YOUR GOAL —
The answer must reproduce all of the data below exactly and contain no images.
____
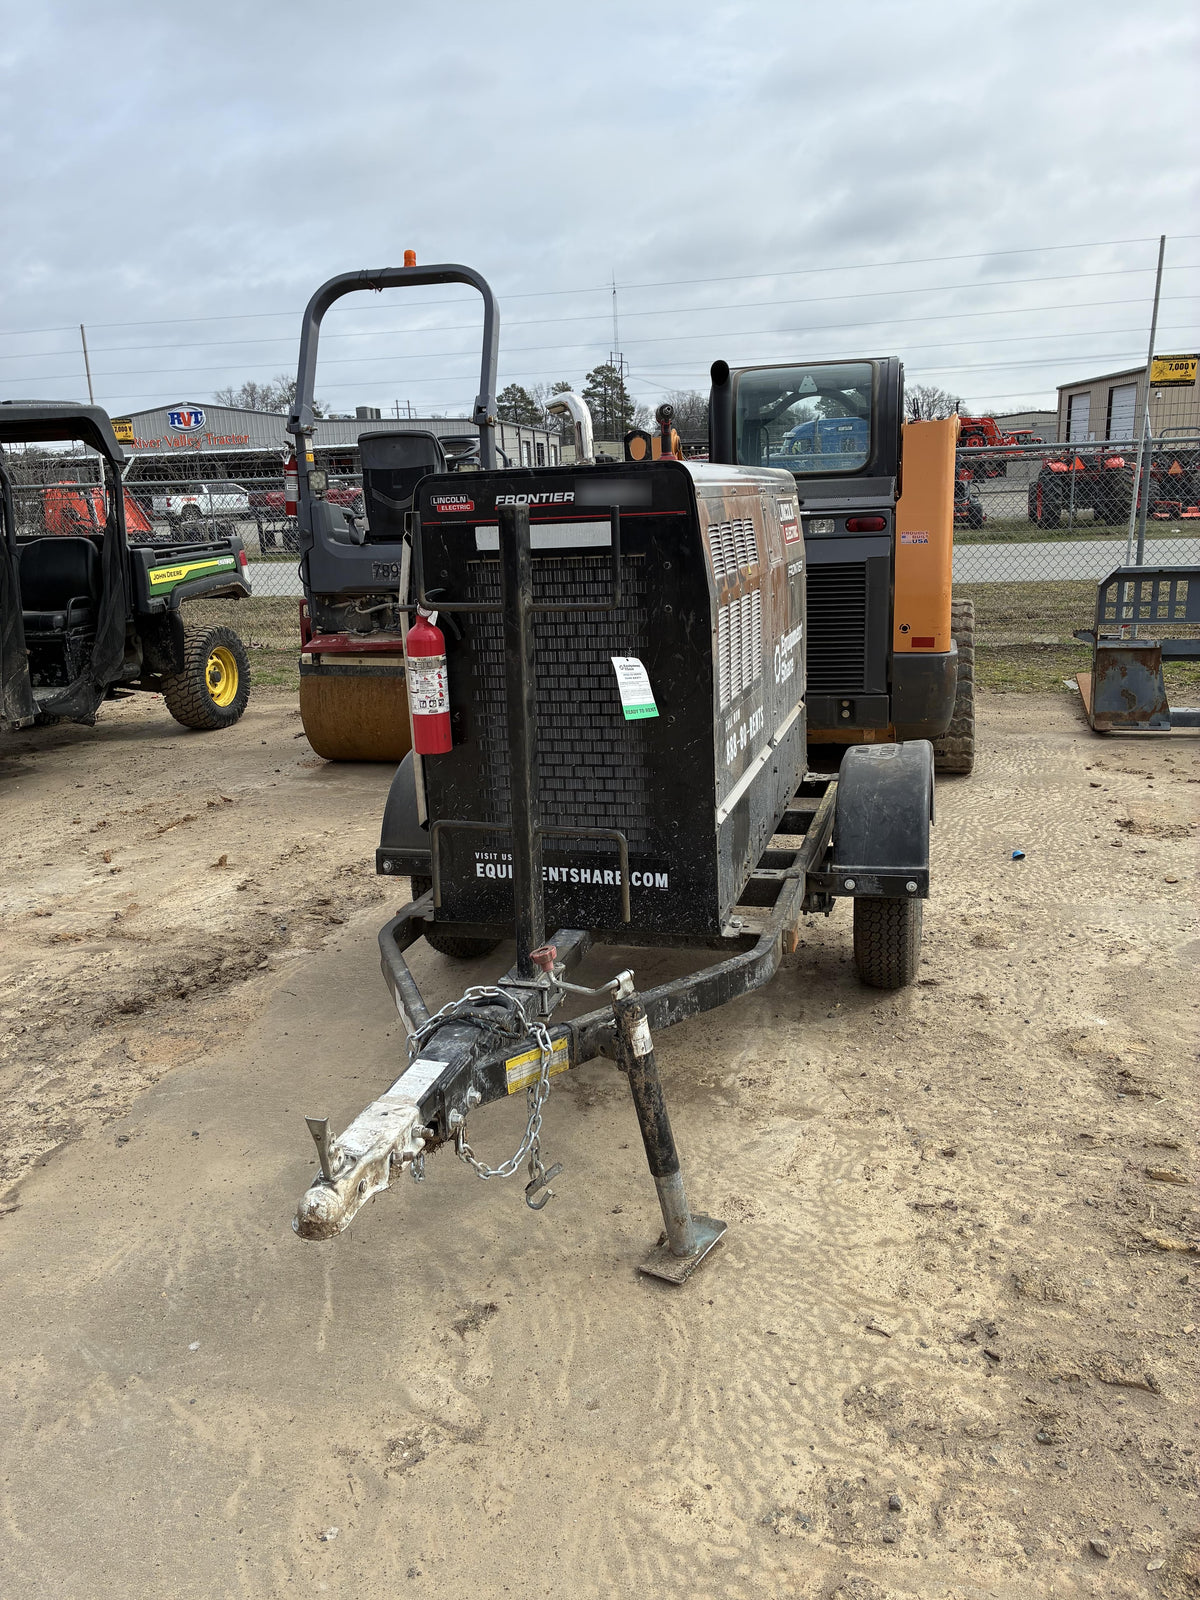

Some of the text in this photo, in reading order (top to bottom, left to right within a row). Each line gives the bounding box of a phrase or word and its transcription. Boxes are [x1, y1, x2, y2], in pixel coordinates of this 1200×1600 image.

[1168, 363, 1189, 371] 7,000
[168, 411, 203, 427] RVT
[131, 433, 250, 449] River Valley Tractor
[432, 496, 466, 504] LINCOLN
[495, 491, 576, 505] FRONTIER
[153, 570, 182, 581] JOHN DEERE
[475, 852, 513, 861] VISIT US
____
TASK RESULT —
Some of the text in this photo, in reading order (top to bottom, left to right within a row). Each line gives the bounding box of a phrase or word and its transcription. Boxes are [x1, y1, x2, y2], in pixel coordinates of this 1200×1600 image.

[1168, 363, 1189, 371] 7,000
[168, 411, 203, 427] RVT
[131, 433, 250, 449] River Valley Tractor
[432, 496, 466, 504] LINCOLN
[495, 491, 576, 505] FRONTIER
[153, 570, 182, 581] JOHN DEERE
[475, 852, 513, 861] VISIT US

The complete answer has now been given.